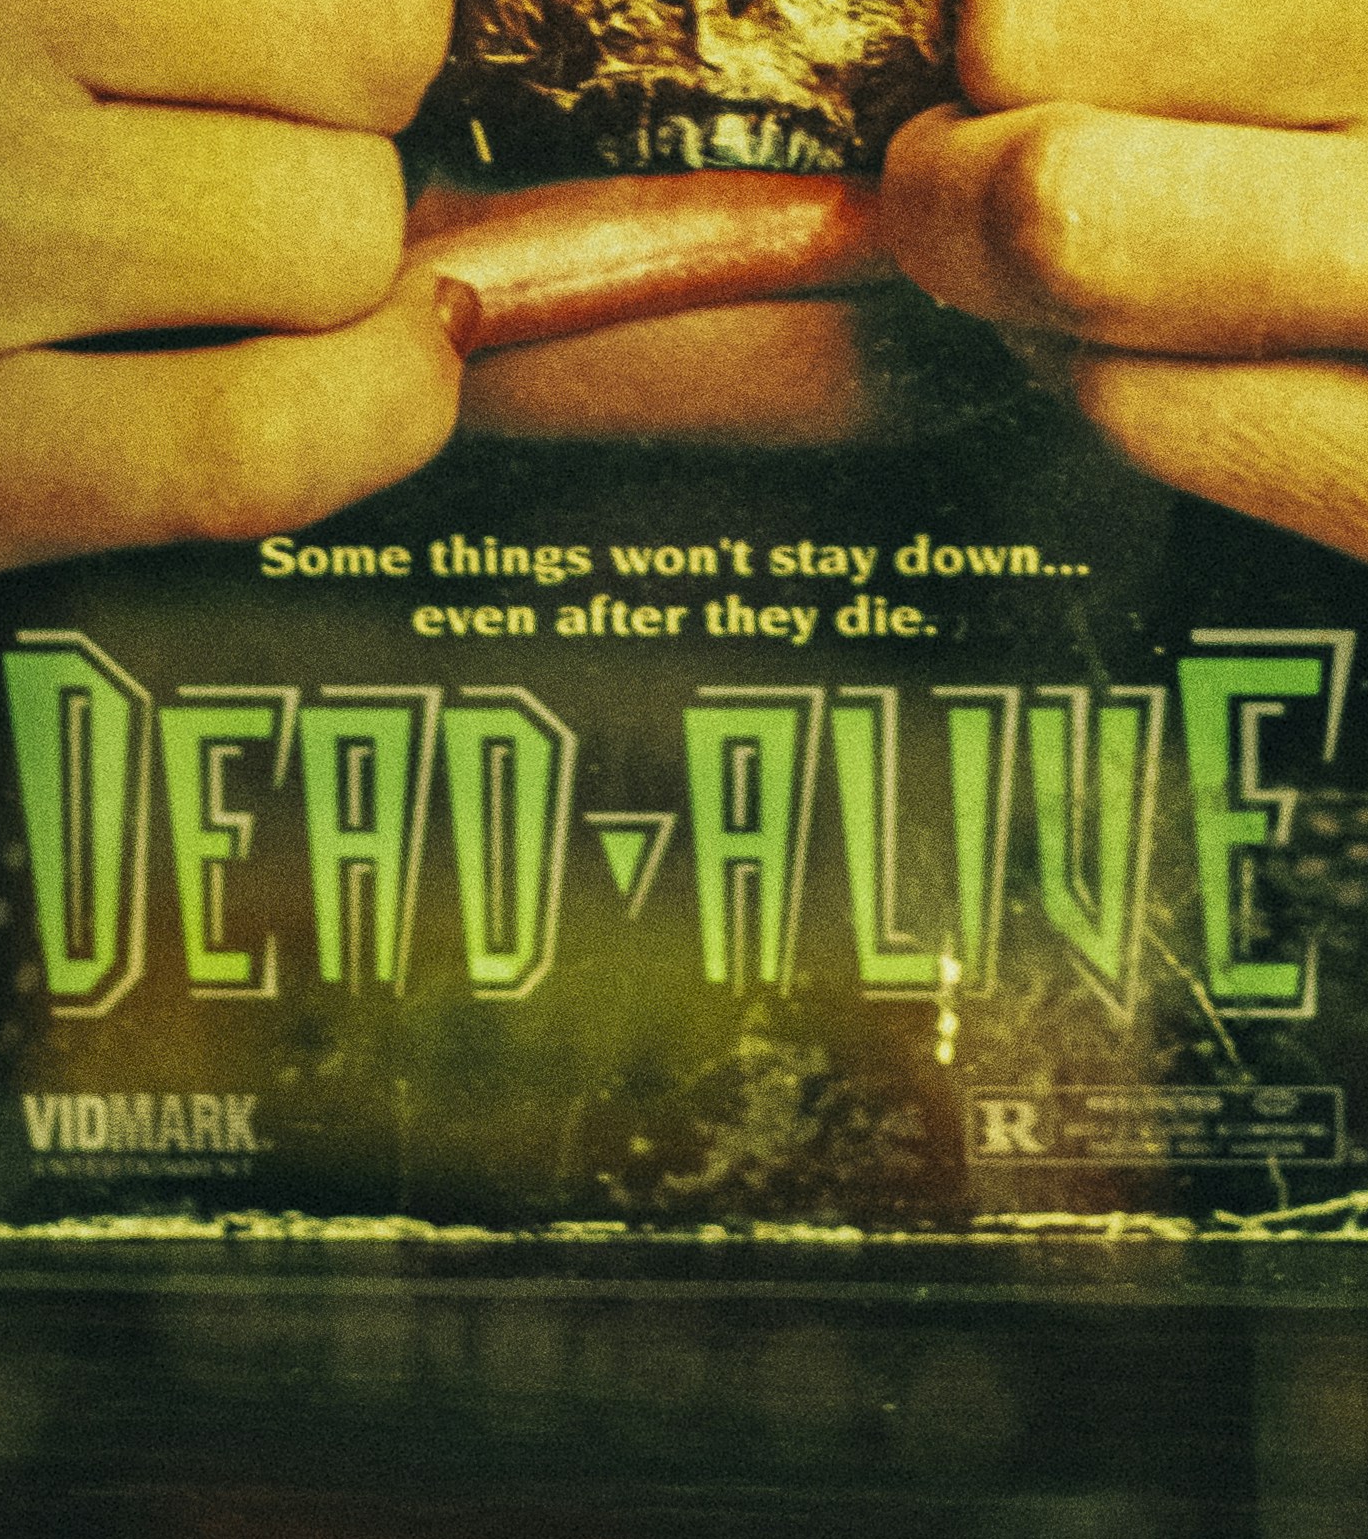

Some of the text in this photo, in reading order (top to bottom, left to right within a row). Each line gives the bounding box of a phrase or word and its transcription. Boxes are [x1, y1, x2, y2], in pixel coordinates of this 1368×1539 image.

[259, 534, 1091, 584] Some things won't stay down...
[411, 594, 938, 646] even after they die.
[22, 1093, 258, 1152] VIDMARK
[975, 1099, 1047, 1154] R

> _Action item_
Everything in the records above must be repeated exactly, except the pictures.

> _Solution for this problem_
Some of the text in this photo, in reading order (top to bottom, left to right within a row). Each line gives the bounding box of a phrase or word and its transcription. Boxes are [x1, y1, x2, y2], in pixel coordinates of this 1368×1539 image.

[259, 534, 1091, 584] Some things won't stay down...
[411, 594, 938, 646] even after they die.
[22, 1093, 258, 1152] VIDMARK
[975, 1099, 1047, 1154] R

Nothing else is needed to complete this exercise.